All   0-9   A B C D E F G H I J K L M N O P Q R S T U V W X Y Z

F

Designation for: 1) Fahrenheit, one of the two commonly used temperature scales, Celsius being the other (see listing for each). 2) Flat band metallic armor.

Factor of Assurance

The ratio of the voltage at which wire or cable insulation is tested to that at which it is used.

Factorial Experiment

Having more than one factor as a controlled variable in one experiment. This produces much data, but the results are complex to analyze.

Factory Representative

An individual or a company using its own sales force to act as a manufacturer’s agent.

Fahrenheit

A scale for measuring temperature. Water freezes at 0°C (32°F) and boils at 100°C (212°F). It often is cross-referenced with the scale for Celsius (see entry).

Failure

An item’s inability to perform or to continue to perform its required function.

Falex Test

A loosely used term to indicate a test procedure for either: 1) determining the resistance of a material to scratching and abrasion; or 2) determining the lubrication characteristics of a fluid. The title evolved from the fact that Falex Corporation was one of the first manufacturers of this type of equipment.

Fancy Chain

A variation of both twisted wire and stamped links, in the form of chain.

Far-End Crosstalk

See FEXT.

Farad

A unit of capacitance. It is usually ex­pressed in microfarads (mF = one millionth of a farad) or picofarads (pF = one millionth of a microfarad). A one-farad capacitor is one in which a one coulomb charge produces a one volt potential difference between the plates.

Faraday Shield

A network of parallel wires connected to a common conductor at one end to provide electrostatic shielding without affecting electromagnetic waves. The common conductor is usually grounded.

Fasteners

A generic term used to describe bolts, screws, nuts, rivets, clips, etc.

Fat Emulsions

A general term in blending metal working coolants, where “fat” can be derived from vegetables, animals and even fish as an ingredient along with soap and other chemicals in water to provide lubrication and cleaning of the products and equipment during various wet metalworking operations.

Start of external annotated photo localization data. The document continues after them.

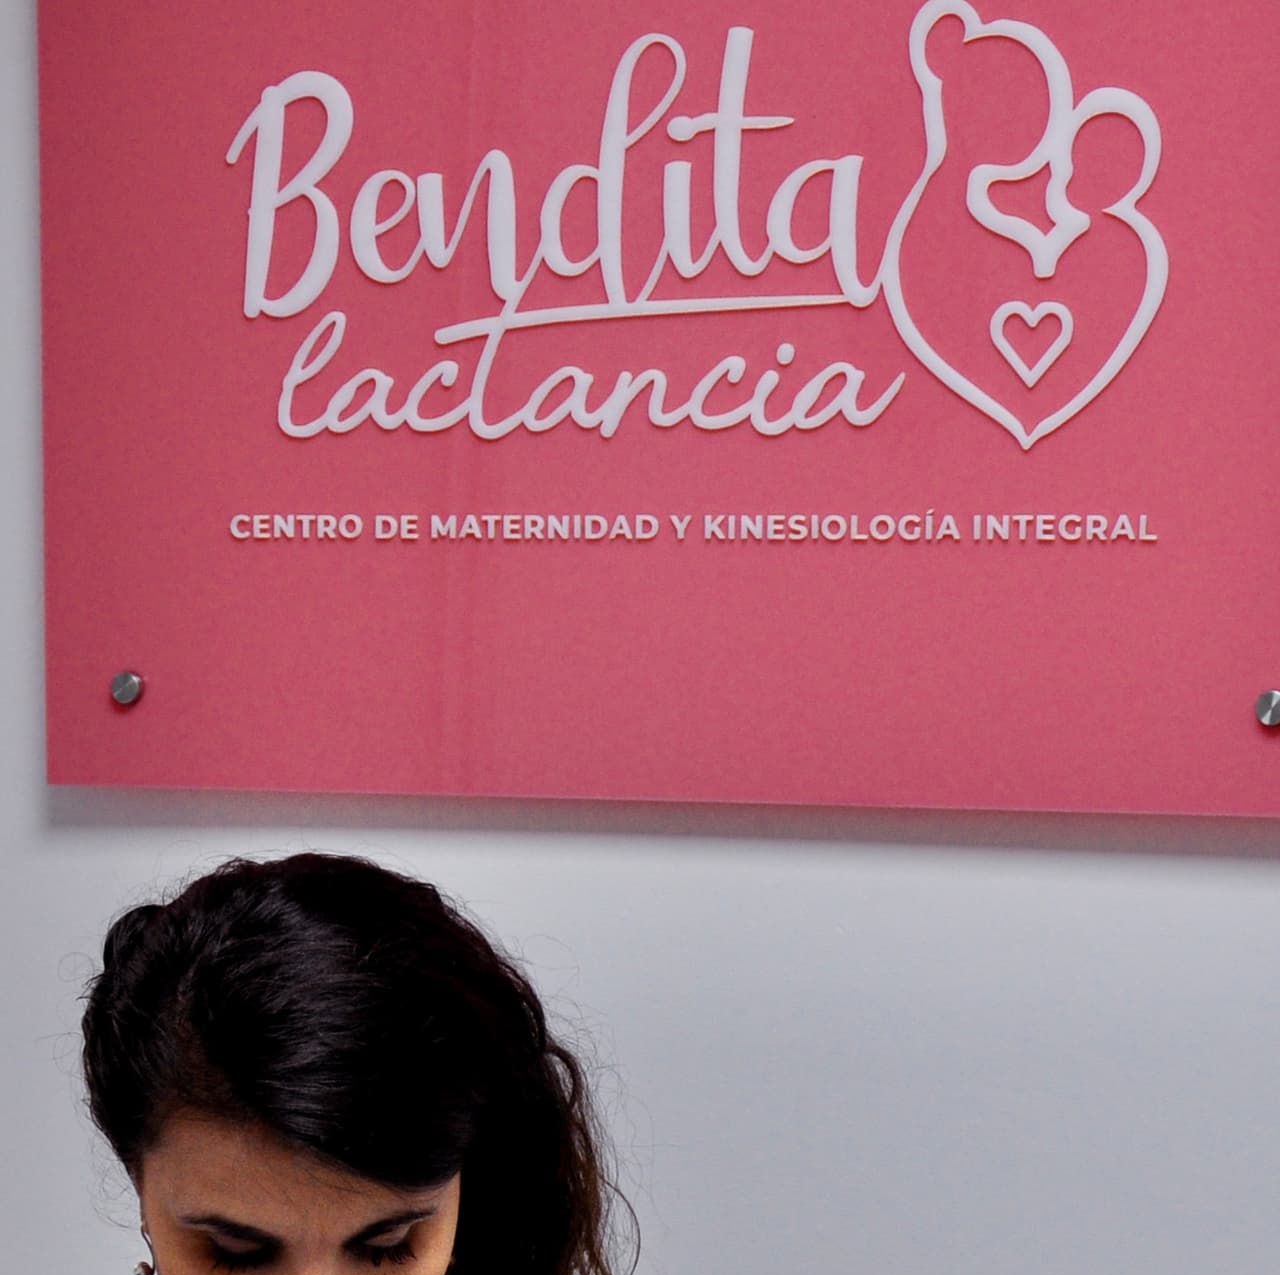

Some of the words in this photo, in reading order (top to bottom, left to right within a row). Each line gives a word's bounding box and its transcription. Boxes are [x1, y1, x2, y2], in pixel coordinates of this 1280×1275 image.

[226, 26, 888, 319] Bendita
[276, 310, 907, 441] lactancia
[230, 514, 363, 539] CENTRO
[375, 514, 419, 539] DE
[431, 513, 659, 540] MATERNIDAD
[670, 514, 692, 539] Y
[704, 508, 961, 541] KINESIOLOGÍA
[973, 513, 1158, 541] INTEGRAL
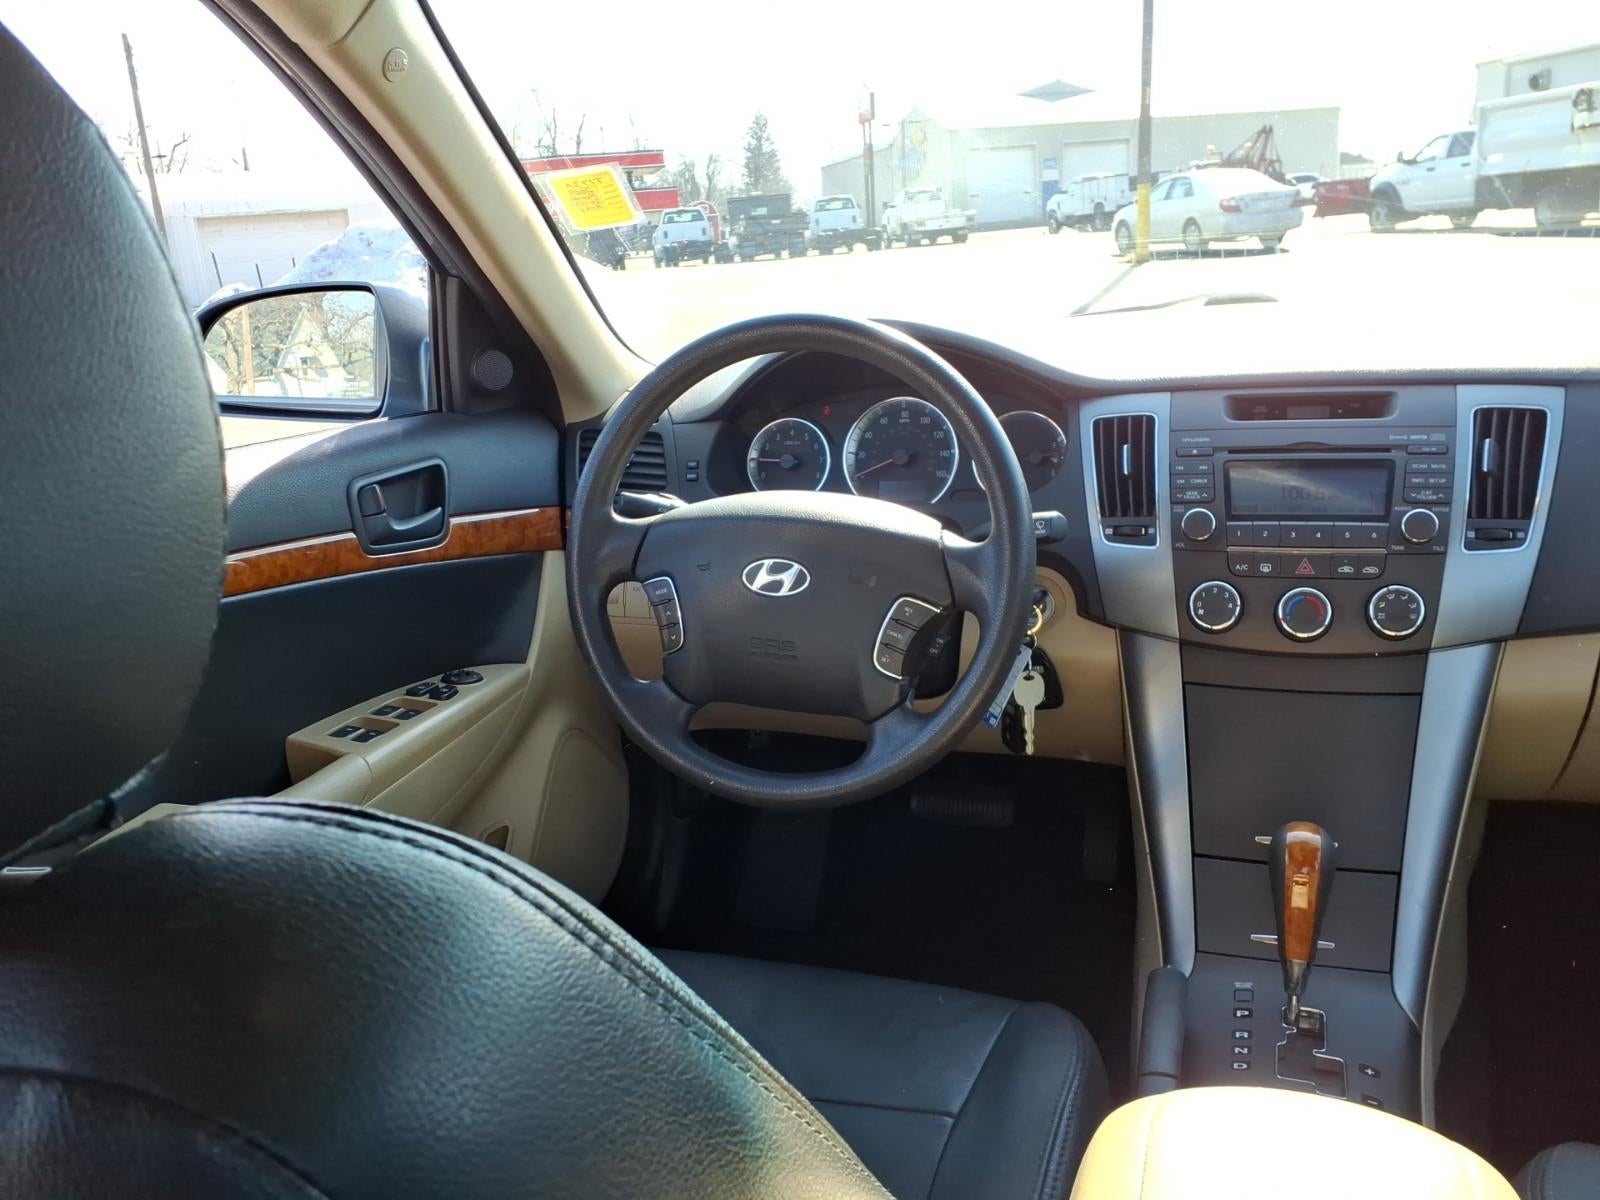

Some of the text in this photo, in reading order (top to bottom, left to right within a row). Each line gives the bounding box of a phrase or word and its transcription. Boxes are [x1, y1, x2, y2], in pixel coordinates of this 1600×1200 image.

Synthetics esters have replaced or augmented the usage of fat.

Fatigue

The phenomenon leading to fracture of a material that is under repeated or fluctuating stresses having a maximum value less than the ultimate tensile strength of the material. Fatigue failure generally occurs at loads which applied statically would produce little perceptible effect. Fatigue fractures are progressive, beginning as minute cracks that grow under the action of the fluctuating stress. There is no obvious warning. A crack can form without appreciable surface deformation, making it difficult to detect. Fractures often start from small nicks or scratches or fillets that cause a localized concentration of stress. Failure can be influenced by a number of factors including size, shape and design of the component, condition of the surface or operating environment.

Fatigue Ductility

The ability of a material to deform plastically before fracturing, determined from a constant-strain amplitude, low-cycle fatigue test. Usually expressed in percent in direct analogy with elongation and reduction in area ductility measures.

Fatigue Failure

Failure that occurs when an item completely fractures into two parts or has softened or been otherwise significantly reduced in stiffness by thermal heating or cracking due to fatigue.

Fatigue Life

1) The number of cycles of a specified character that a given item sustains before failure of a specified nature occurs. 2) The number of cycles of deformation required to bring about failure of a test specimen under a given set of oscillating conditions (stresses or strains).

Fatigue Limit

The maximum stress that presumably leads to fatigue fracture in a specified number of stress cycles. The value of the maximum stress and the stress ratio also should be stated.

Fatigue Striation

Parallel lines frequently observed in electron microscope fractographs or fatigue fracture surfaces. The lines are transverse to the direction of local crack propagation; the distance between successive lines represents the advance of the crack front during the one cycle of stress variation.

Fatigue Wear

Wear of a solid surface caused by fracture arising from material fatigue.